Abstract

The use of gestures is one of the reasons for which some aphasics communicate better than they speak. For these aphasics as well as their partners, multimodality becomes a resource for the successful management of interaction. However, the successful employment of gesture implies multiple practices of adaptation, since there are important differences between gesture use in non-impaired and impaired aphasic interaction. In non-impaired faceto- face interaction, gestures mostly accompany language and support and influence its interpretation in various ways. Only rarely do gestures, body movements and the manipulation of artifacts take the lead, and even more rarely do they replace language entirely (Goodwin 1986, Heath 1982, 1992, Melinger & Levelt 2004). Under conditions of severe non-fluent aphasia (as described here), gestures therefore are used for functions which they cannot easily fulfill.
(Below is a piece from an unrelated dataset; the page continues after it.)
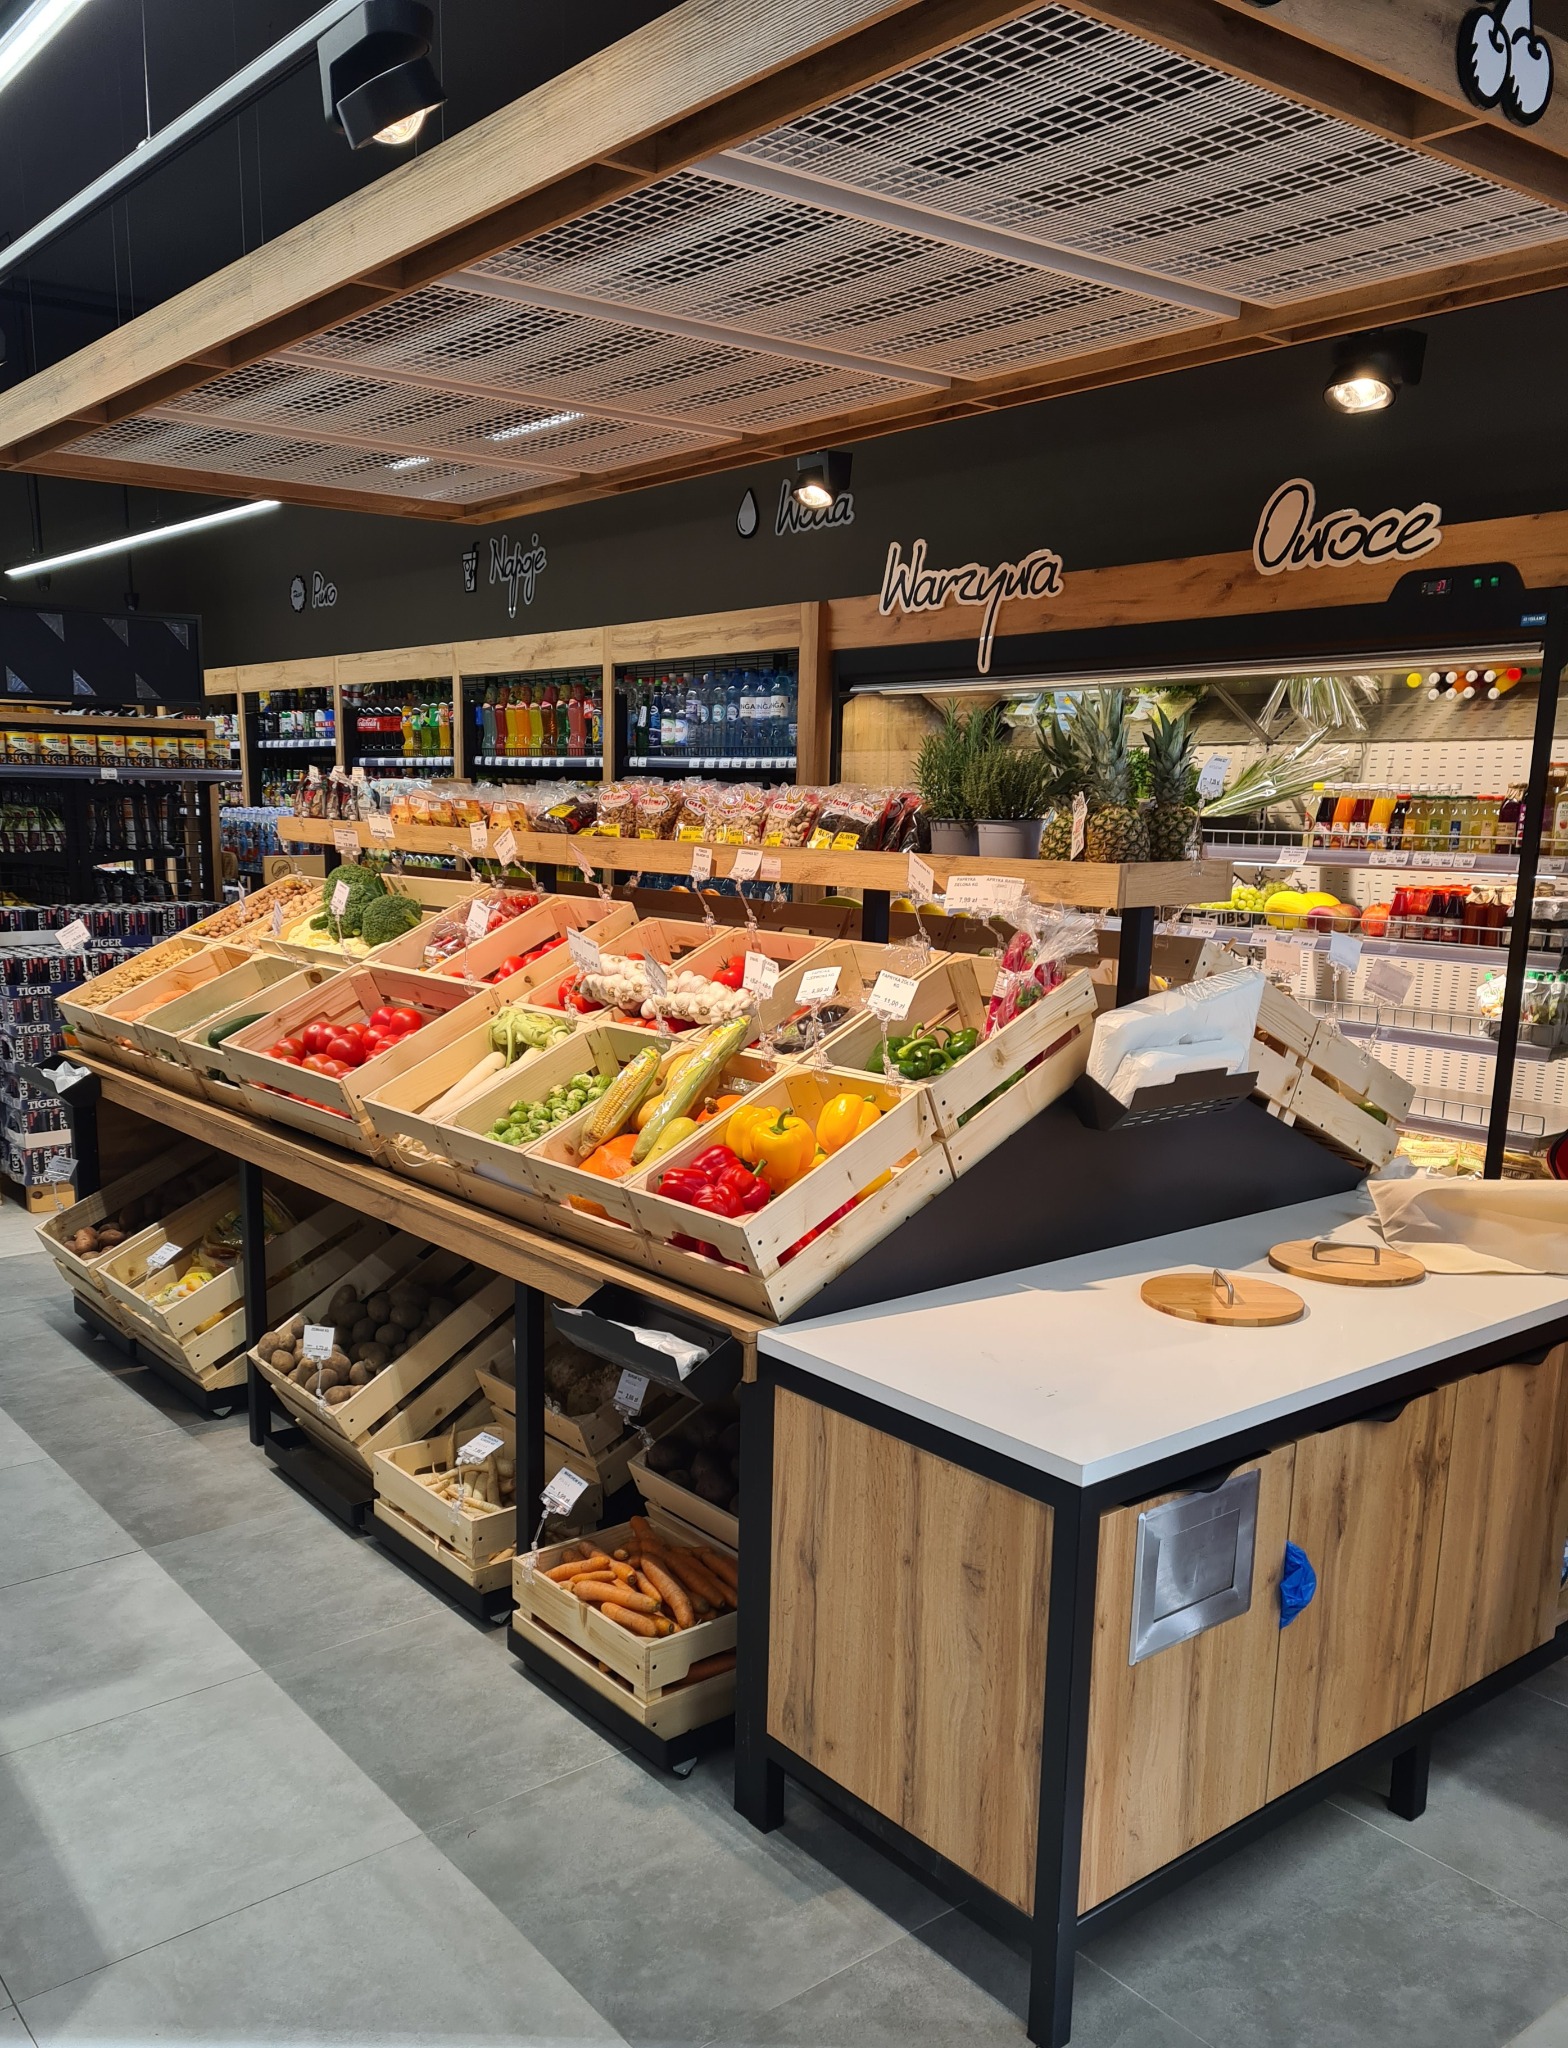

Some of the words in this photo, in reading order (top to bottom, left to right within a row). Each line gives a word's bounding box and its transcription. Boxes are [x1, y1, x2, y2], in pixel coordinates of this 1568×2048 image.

In the absence of language, gestures become a substitute (Goodwin 2000, 2003 and 2006a, b). This uncoupling of gestural communication from language usually results in complex and often lengthy collaborative sequences in which the participants set out to co-construct what the aphasic “gesturer” means, with the non-impaired speakers providing, in a way, the missing speech for the linguistically impaired speaker (cf. Damico et al. 2008, Goodwin 2000, 2003, 2006). As we will show, these processes of coconstruction are encumbered not by the aphasics’ deficient gestures, but rather the semiotic nature of gesturing itself. We will discuss examples of successful and unsuccessful gestural communication in aphasics and suggest some reasons why gestural communication fails sometimes, but why it helps in other cases. Our observations lend support to the idea that therapy has to respect the semiotic characteristics of gesturing and the interactional practices necessary for their management in order to enhance the successful employment of the visual modality.